El coliseo de lo cinematográfico mediocre ha tenido sus protagonistas en esta edición de los premios Razzie. La ceremonia anual de los Golden Raspberry Awards, que reconoce lo peor del cine, reveló este veintiuno de enero sus nominaciones para el año 2026, siendo las grandes derrotadas la adaptación en acción real de Blancanieves de Disney y la reinterpretación de La guerra de los mundos de Universal, cada una acumulando seis nominaciones.
La versión cinematográfica de Blancanieves protagonizada por Rachel Zegler compite en la categoría de Peor Película junto a La guerra de los mundos, que cuenta con Ice Cube interpretando el papel principal. Otros contendientes por este dudoso honor incluyen The Electric State, Hurry Up Tomorrow del artista The Weeknd y Star Trek: Section 31.
En lo respectivo a las actuaciones, Ice Cube aspira al reconocimiento de Peor Actor por su participación en La guerra de los mundos, enfrentándose a Dave Bautista, Scott Eastwood, Jared Leto y Abel Tesfaye en esta categoría. Por su parte, en Peor Actriz compiten Ariana DeBose, Milla Jovovich, Natalie Portman, Rebel Wilson y Michelle Yeoh.

Un aspecto particularmente inusual lo constituye la nominación en la categoría Peor Combinación de Pantalla, donde figuran los siete enanos generados mediante efectos digitales en Blancanieves, James Corden y Rihanna por su aparición en Los Pitufos, Ice Cube acompañado de su cámara de Zoom en La guerra de los mundos, Robert De Niro interpretando a Frank y Vito en The Alto Knights, así como The Weeknd junto con su «ego descomunal» en Hurry Up Tomorrow.
En la categoría de Peor Dirección, constan realizadores como la anteriormente ganadora de un Óscar, Nia DaCosta por dirigir Blancanieves, mientras que Sylvester Stallone, frecuente blanco de los Razzies, obtiene una nominación como Peor Actor de Reparto por su desempeño en Alarum.

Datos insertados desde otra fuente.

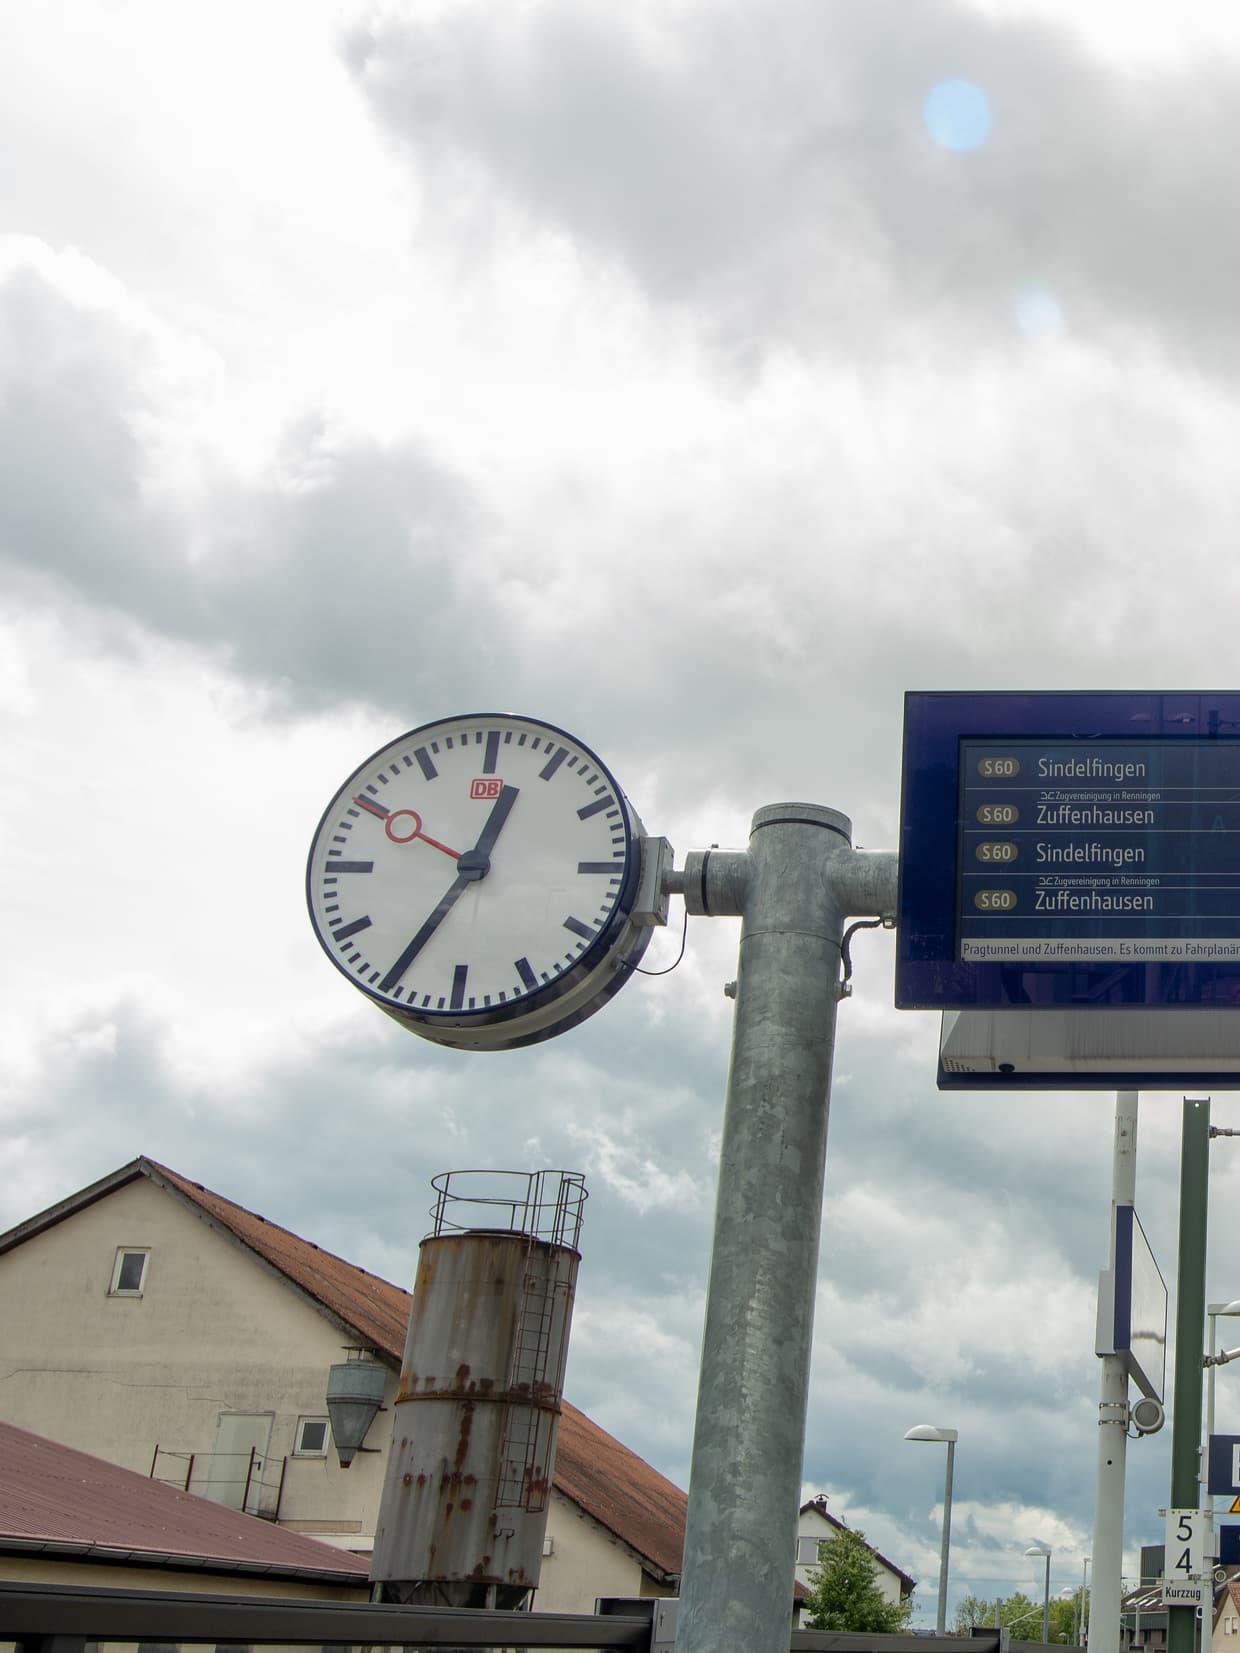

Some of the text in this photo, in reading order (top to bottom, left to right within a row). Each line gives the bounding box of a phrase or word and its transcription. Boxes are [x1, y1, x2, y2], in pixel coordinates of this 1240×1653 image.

La ceremonia de entrega de estos reconocimientos tendrá lugar el 14 de marzo, asignándose a los ganadores una estatuilla rociada en oro de un costo de aproximadamente cinco dólares con noventa y siete centavos. Llamativamente, esta celebración de lo cinematográficamente deplorable precede por apenas un día a la ceremonia de los Premios de la Academia, lo que genera cierto contraste satírico entre ambas celebraciones del séptimo arte.